I am not sure who is "you" above... the Big Evil and Powerful Iperf
Corporation with very deep pockets, trying to sneak the iperf spyware
on as many PCs as possible? :-)

Concerning maintenance, a very small and volunteer team might actually
find it useful to filter out a number  of users, possibly demanding
and possibly not contributing much source code :-)

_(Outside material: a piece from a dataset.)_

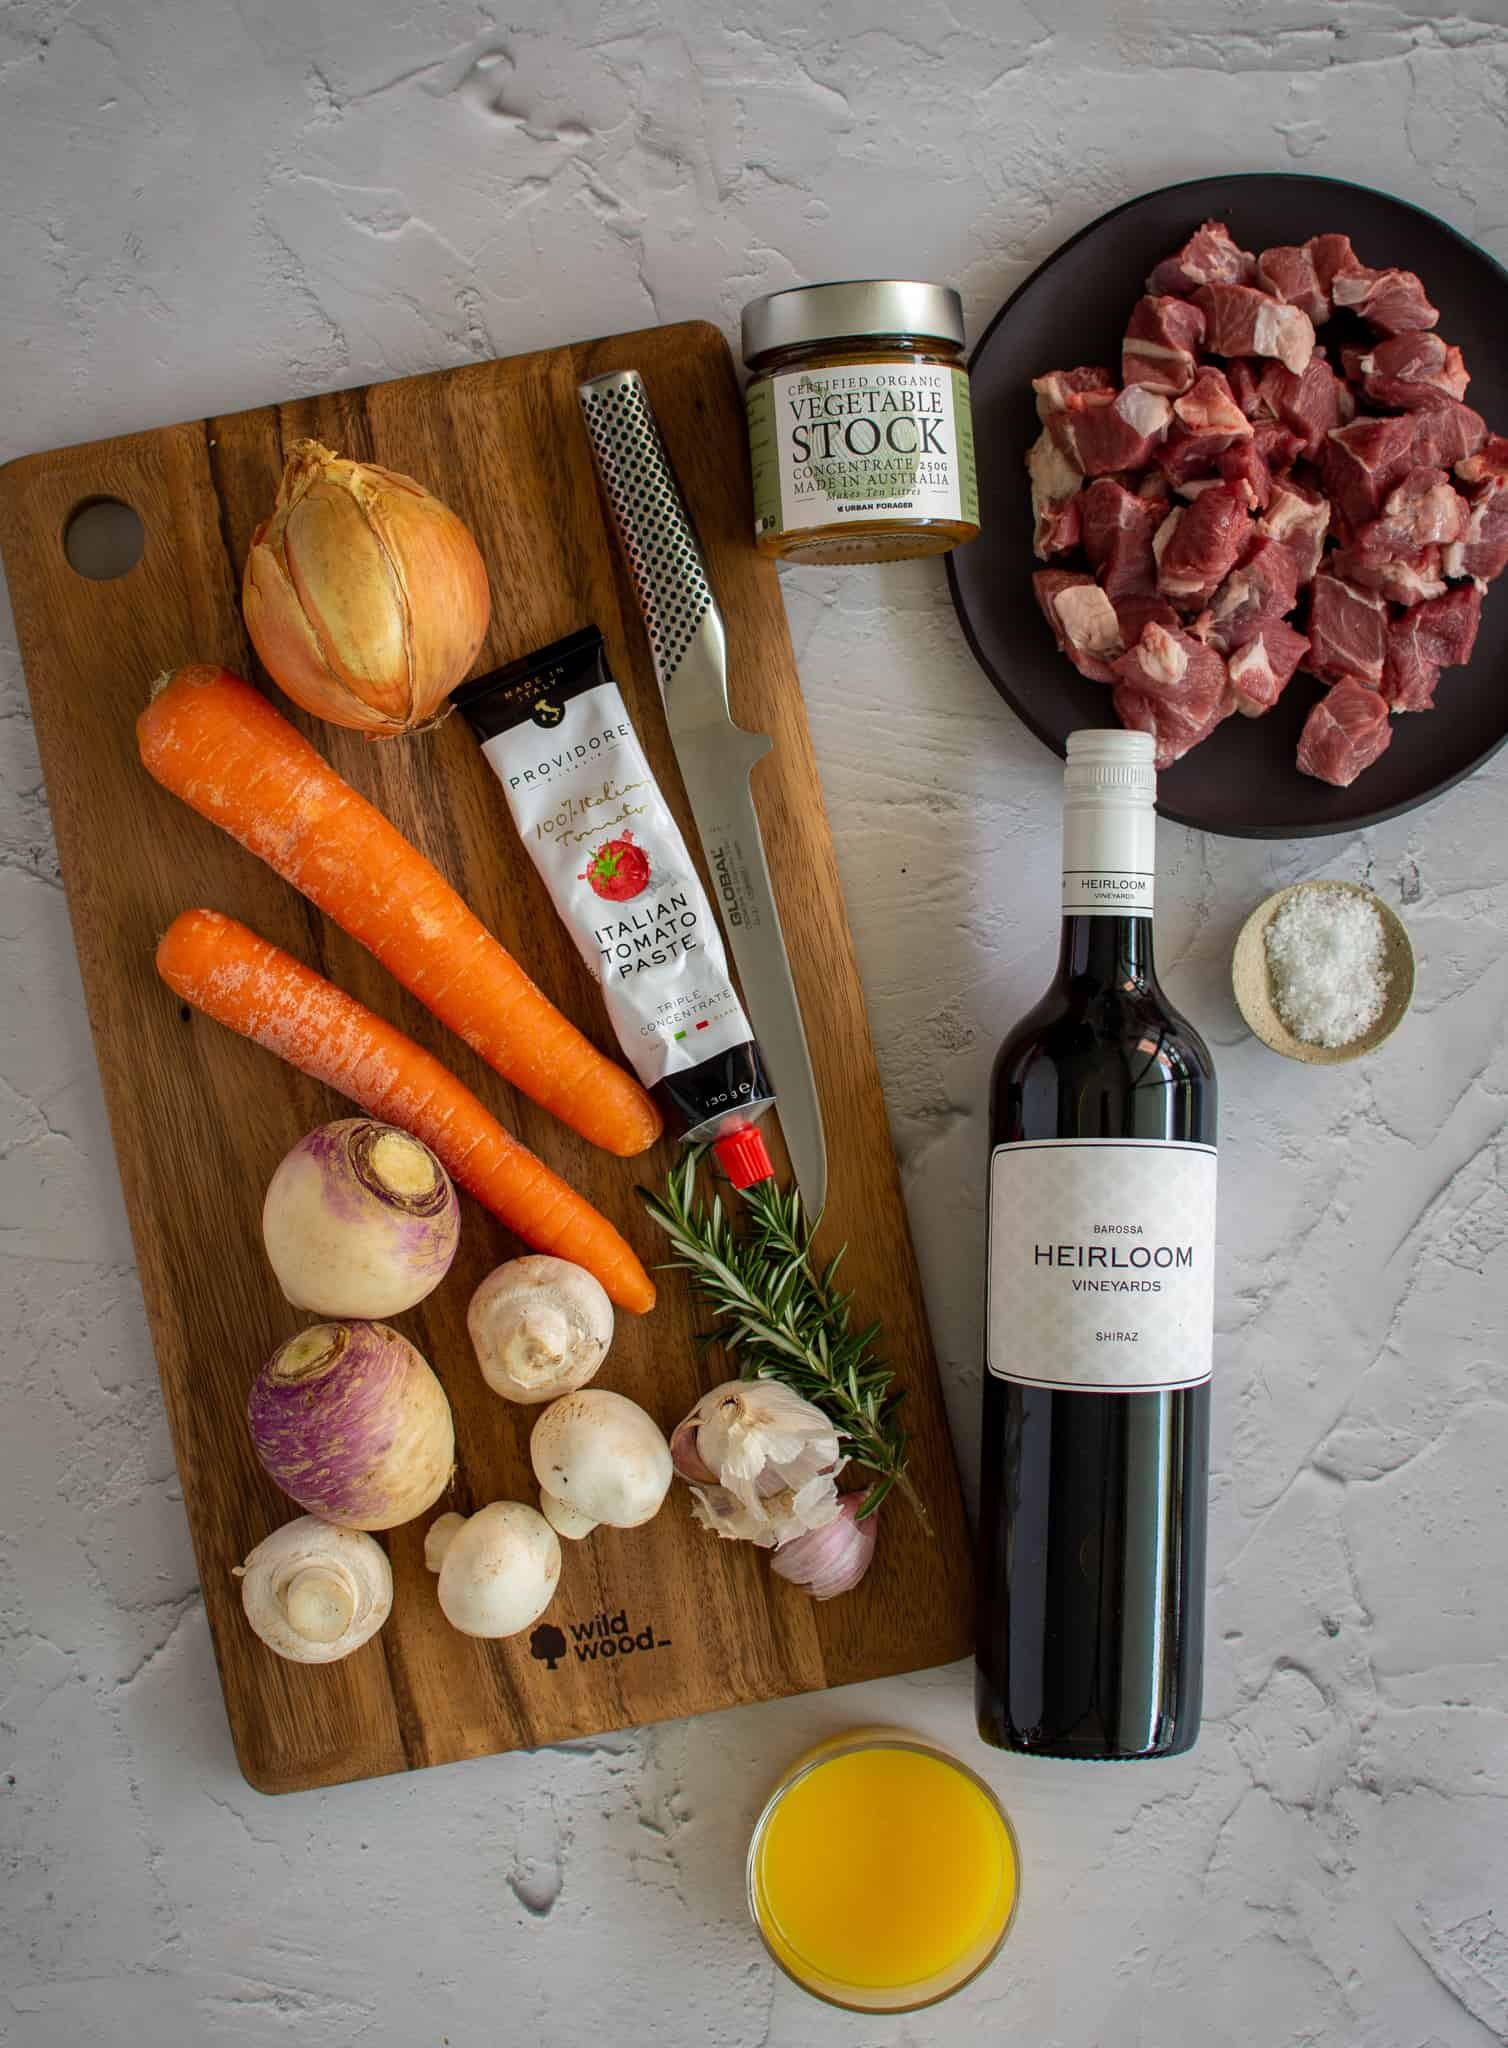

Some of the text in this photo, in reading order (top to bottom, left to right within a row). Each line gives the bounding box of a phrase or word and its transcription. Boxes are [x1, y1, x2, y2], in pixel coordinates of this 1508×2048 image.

> Quite often ISPs or your local BOFH uses NAT and you don't have the
>  right to forward a port.

My experience differs. This feature was available on every router
given by every ISP I have seen so far. That means tens of them. The
only exception(s) was when... there was no router at all, so no
problem at all.

If your BOFH prevents you to run iperf, maybe that is just because...
he does not want you to? He might not want you to do anything else
than surfing the web on port 80, and especially not saturating its
pipes?

In any case iperf is open-source: thus tweaking connection
establishment is open to anyone.

Cheers,

Marc.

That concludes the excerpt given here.